[Assignment] Copy exactly the lines from the one containing "Some of the text" through the last line of the records below, both included, and leave out the pictures.

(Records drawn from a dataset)
+ + + + + + +

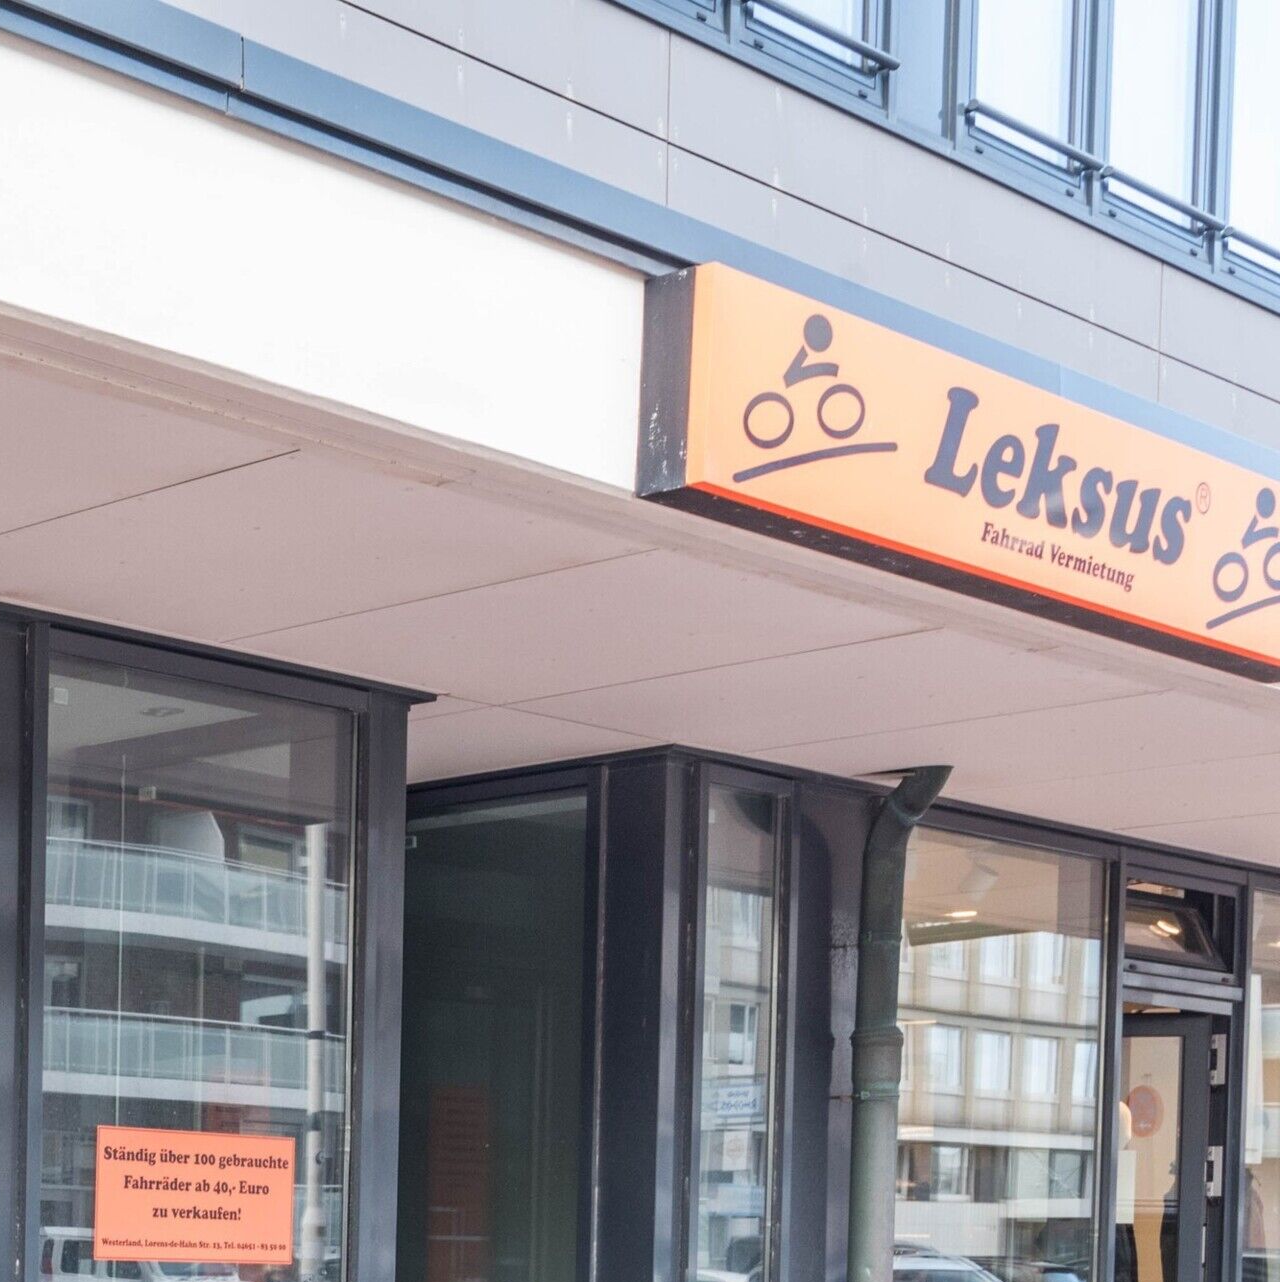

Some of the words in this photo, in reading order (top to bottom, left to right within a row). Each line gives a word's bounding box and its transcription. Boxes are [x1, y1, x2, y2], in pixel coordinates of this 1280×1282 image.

[924, 387, 1191, 565] Leksus
[981, 522, 1045, 560] Fahrrad
[1050, 543, 1135, 592] Vermietung
[104, 1146, 156, 1165] Ständig
[160, 1149, 190, 1164] über
[194, 1153, 216, 1165] 100
[218, 1154, 289, 1169] gebrauchte
[124, 1175, 192, 1192] Fahrräder
[195, 1178, 210, 1192] ab
[239, 1180, 269, 1195] Euro
[152, 1207, 168, 1218] zu
[172, 1206, 242, 1221] verkaufen!
[101, 1237, 143, 1248] Westerland,
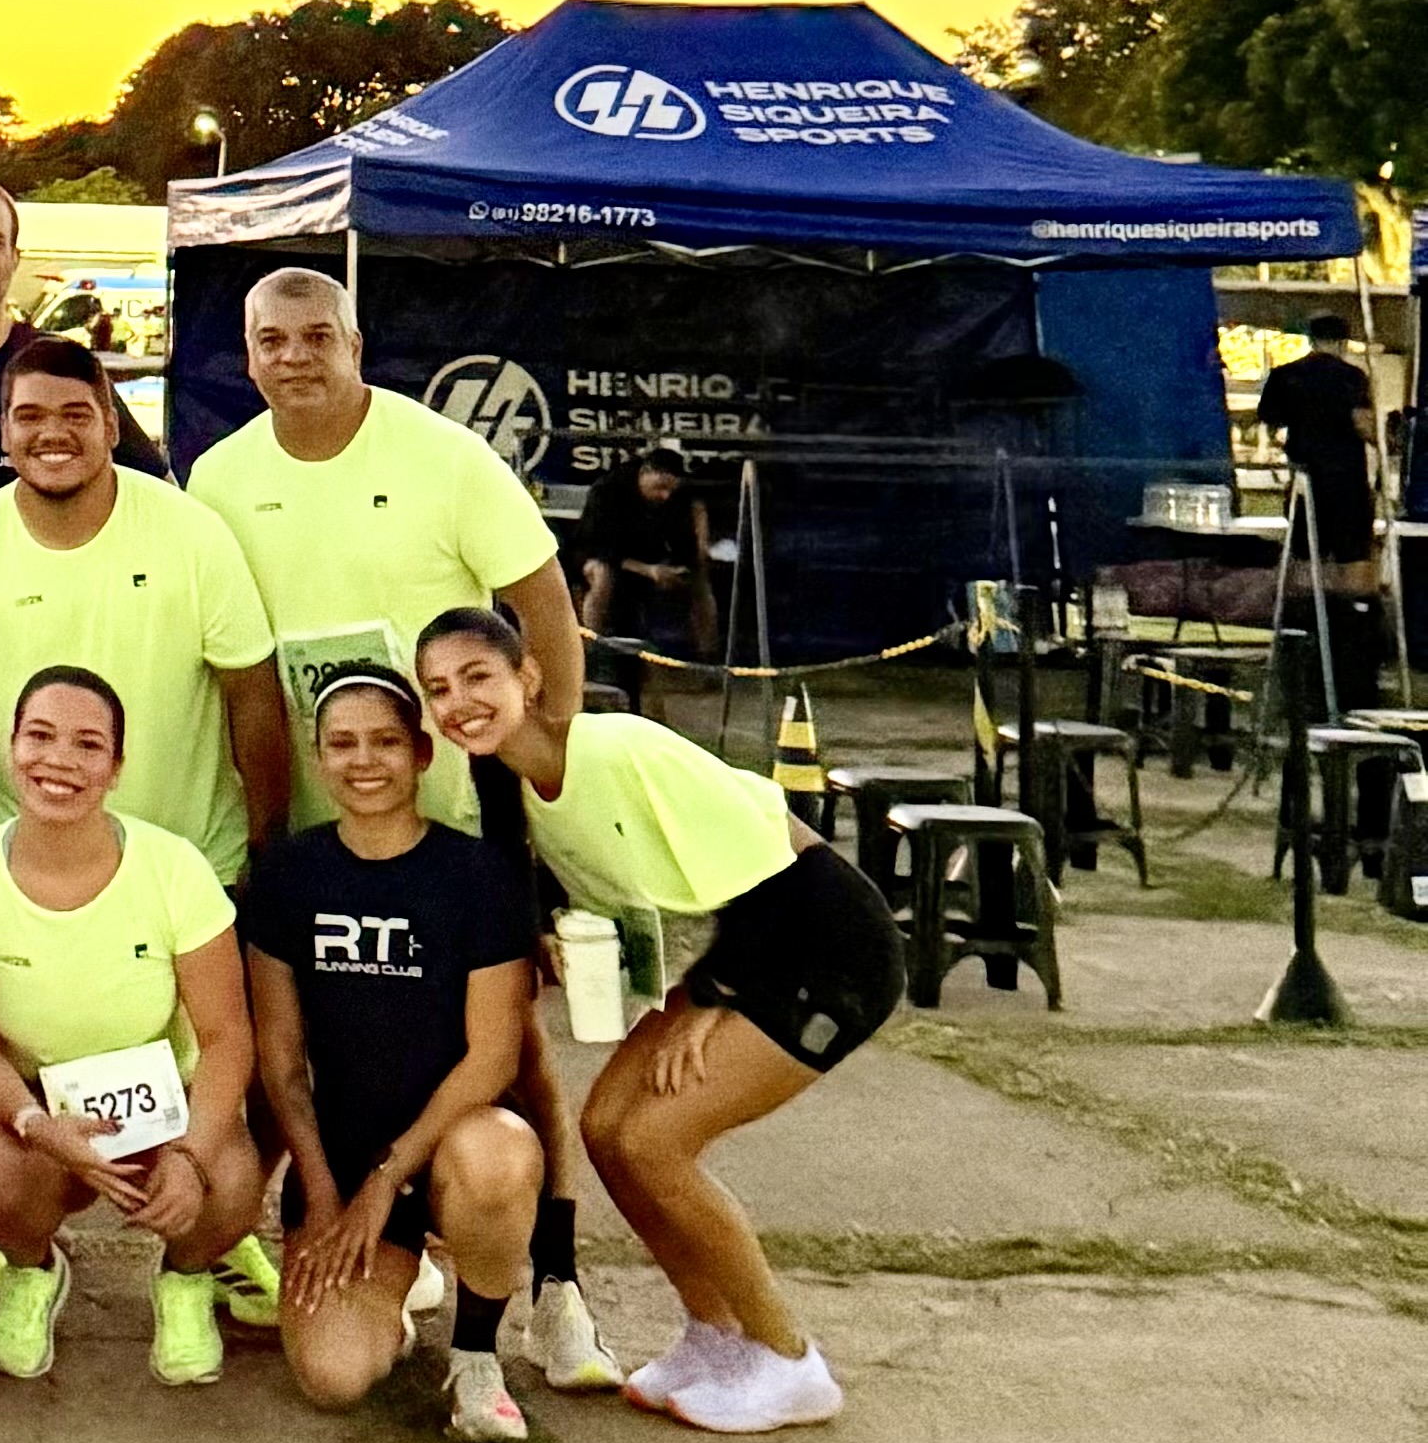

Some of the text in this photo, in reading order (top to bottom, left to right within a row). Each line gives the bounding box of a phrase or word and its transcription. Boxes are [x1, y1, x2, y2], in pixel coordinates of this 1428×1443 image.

[704, 79, 955, 105] HENRIQUE
[722, 104, 950, 126] SIQUEIRA
[737, 125, 936, 145] SPORTS
[521, 203, 656, 227] 98216-1773
[1031, 218, 1320, 242] @henriquesiqueirasports
[315, 961, 423, 977] RUNNING CLUB
[83, 1083, 157, 1121] 5273
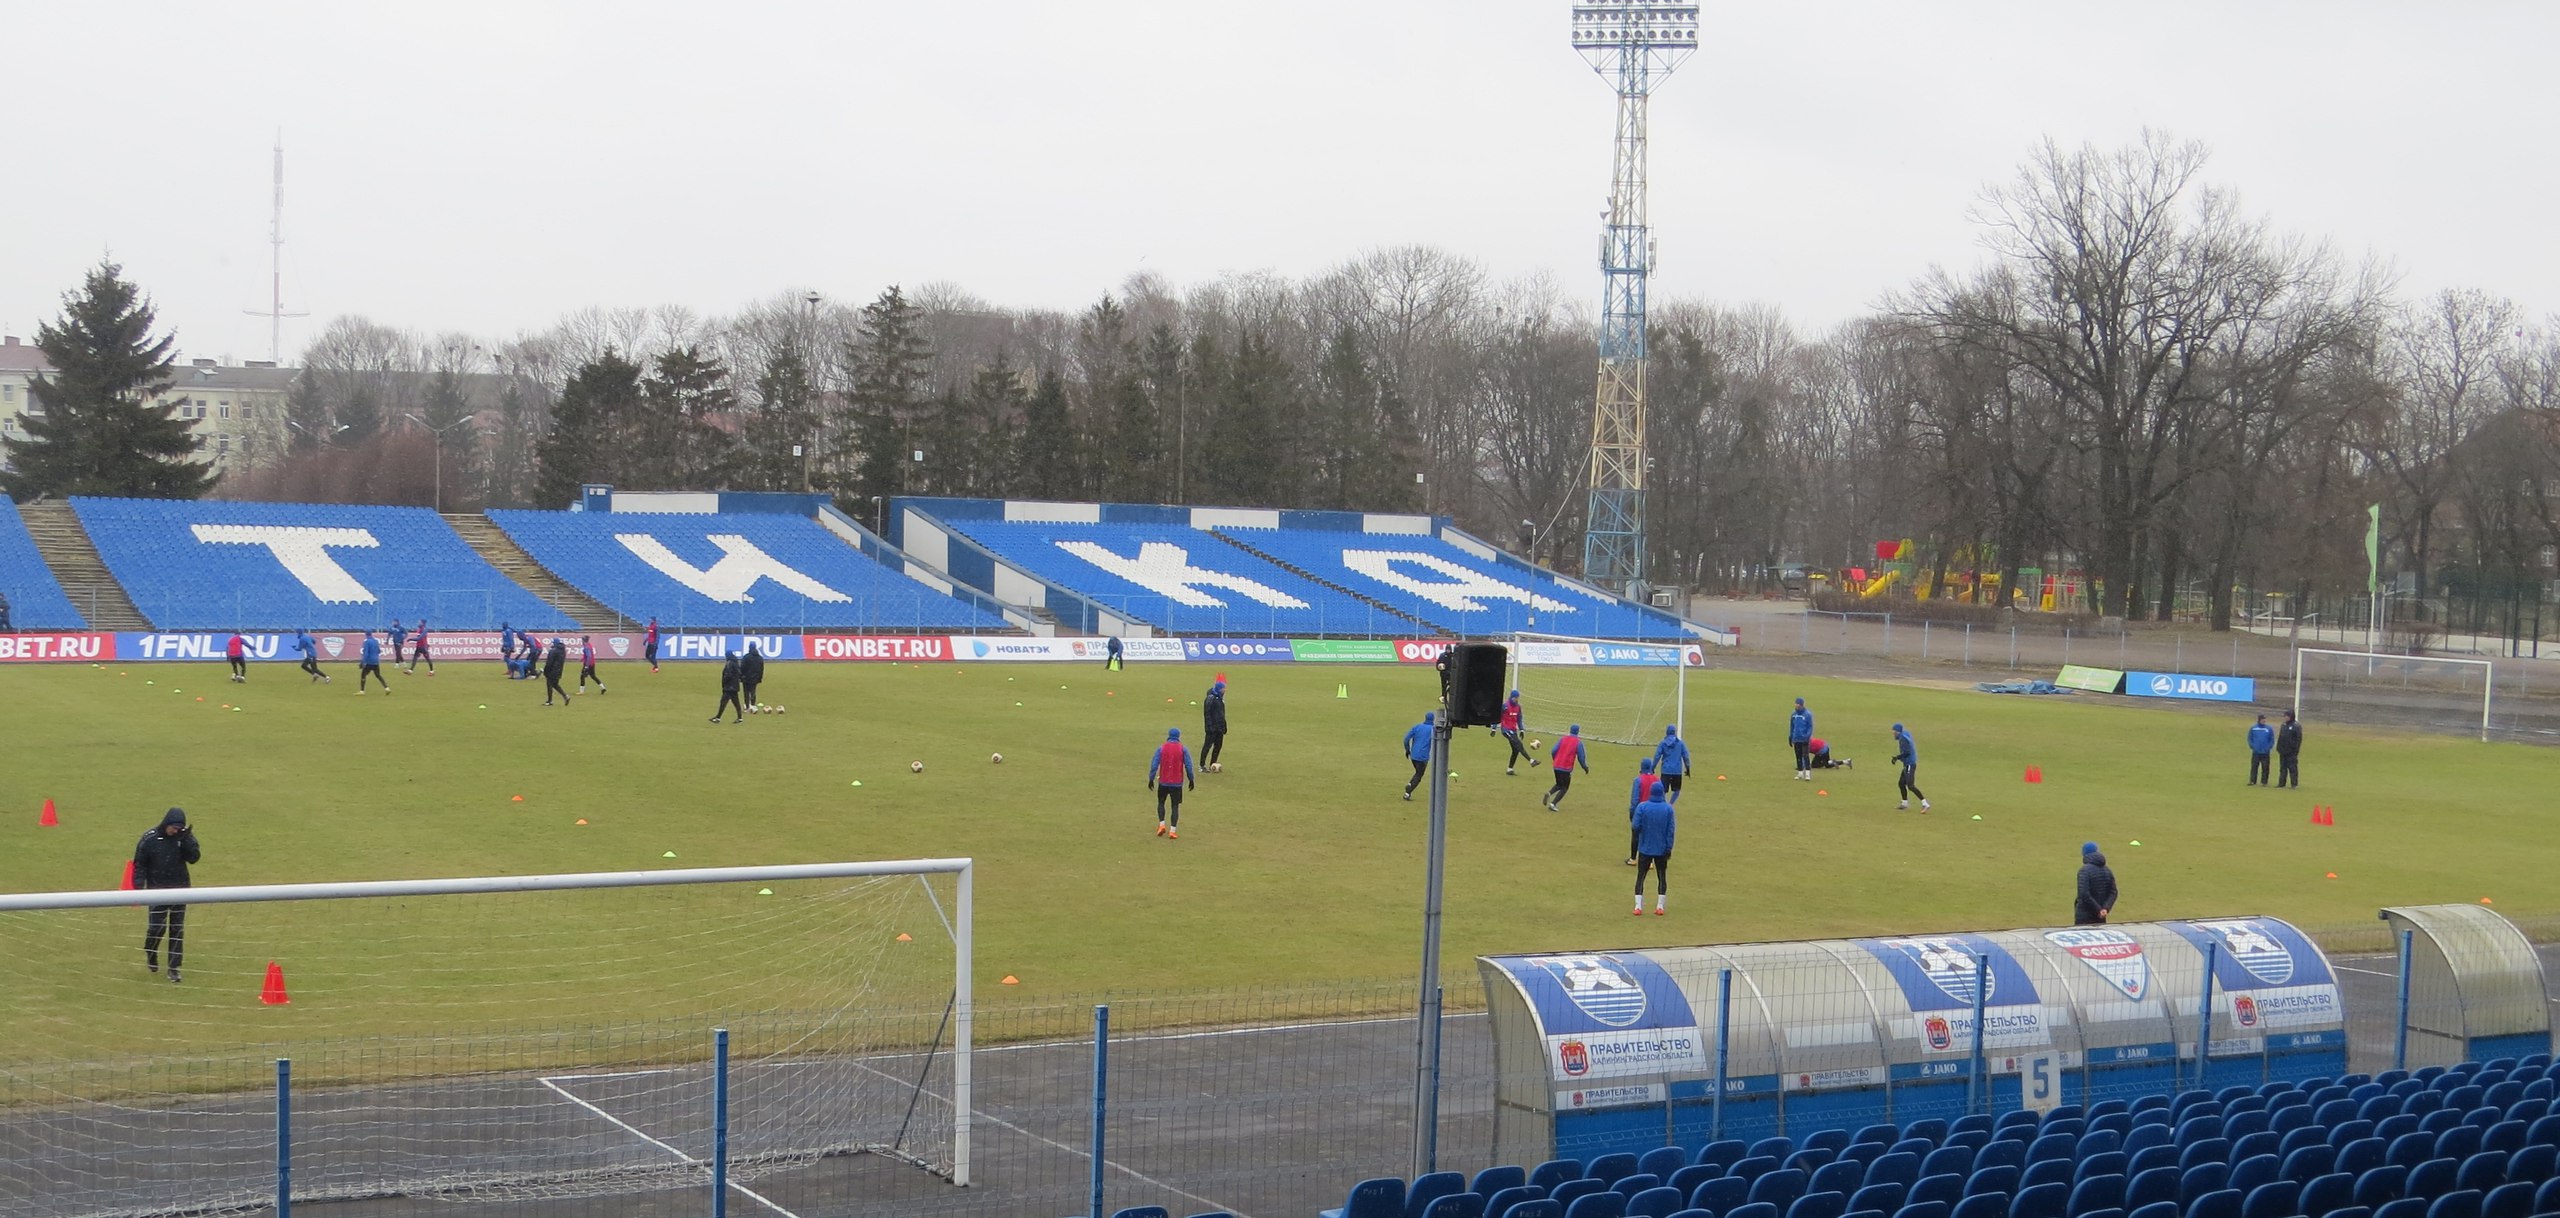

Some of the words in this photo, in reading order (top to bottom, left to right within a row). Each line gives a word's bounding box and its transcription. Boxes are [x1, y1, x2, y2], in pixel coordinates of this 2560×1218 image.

[814, 638, 941, 658] FONBET.RU
[996, 644, 1050, 654] НОВАТЭК
[1087, 641, 1180, 650] ПРАТЕЛЬСТВО
[1610, 648, 1640, 660] JAKO
[2177, 679, 2228, 696] JAKO
[2080, 945, 2132, 956] ФОНБЕТ
[2257, 994, 2331, 1010] ПРАВИТЕЛЬСТВО
[1951, 1015, 2038, 1030] ПРАТЕЛЬСТВО
[1590, 1039, 1691, 1056] ПРАВИТЕЛЬСТВО
[2127, 1048, 2149, 1058] JAKO
[1592, 1054, 1661, 1065] КАЛИНИНГРАДСКОЙ
[1662, 1051, 1694, 1060] ОБЛАСТИ
[1933, 1063, 1957, 1074] JAKO
[1811, 1069, 1869, 1081] ПРАВИТЕЛЬСТВО
[2033, 1058, 2049, 1099] 5
[1726, 1080, 1745, 1091] AKO
[1585, 1086, 1649, 1098] ПРАВИТЕЛЬСТВО

+ + + + + + +

[Answer section]
Some of the text in this photo, in reading order (top to bottom, left to right within a row). Each line gives the bounding box of a phrase or word and its transcription. Boxes are [x1, y1, x2, y2], in pixel coordinates of this 1428×1443 image.

[704, 79, 955, 105] HENRIQUE
[722, 104, 950, 126] SIQUEIRA
[737, 125, 936, 145] SPORTS
[521, 203, 656, 227] 98216-1773
[1031, 218, 1320, 242] @henriquesiqueirasports
[315, 961, 423, 977] RUNNING CLUB
[83, 1083, 157, 1121] 5273

Some of the words in this photo, in reading order (top to bottom, left to right within a row). Each line gives a word's bounding box and its transcription. Boxes are [x1, y1, x2, y2], in pixel coordinates of this 2560×1218 image.

[814, 638, 941, 658] FONBET.RU
[996, 644, 1050, 654] НОВАТЭК
[1087, 641, 1180, 650] ПРАТЕЛЬСТВО
[1610, 648, 1640, 660] JAKO
[2177, 679, 2228, 696] JAKO
[2080, 945, 2132, 956] ФОНБЕТ
[2257, 994, 2331, 1010] ПРАВИТЕЛЬСТВО
[1951, 1015, 2038, 1030] ПРАТЕЛЬСТВО
[1590, 1039, 1691, 1056] ПРАВИТЕЛЬСТВО
[2127, 1048, 2149, 1058] JAKO
[1592, 1054, 1661, 1065] КАЛИНИНГРАДСКОЙ
[1662, 1051, 1694, 1060] ОБЛАСТИ
[1933, 1063, 1957, 1074] JAKO
[1811, 1069, 1869, 1081] ПРАВИТЕЛЬСТВО
[2033, 1058, 2049, 1099] 5
[1726, 1080, 1745, 1091] AKO
[1585, 1086, 1649, 1098] ПРАВИТЕЛЬСТВО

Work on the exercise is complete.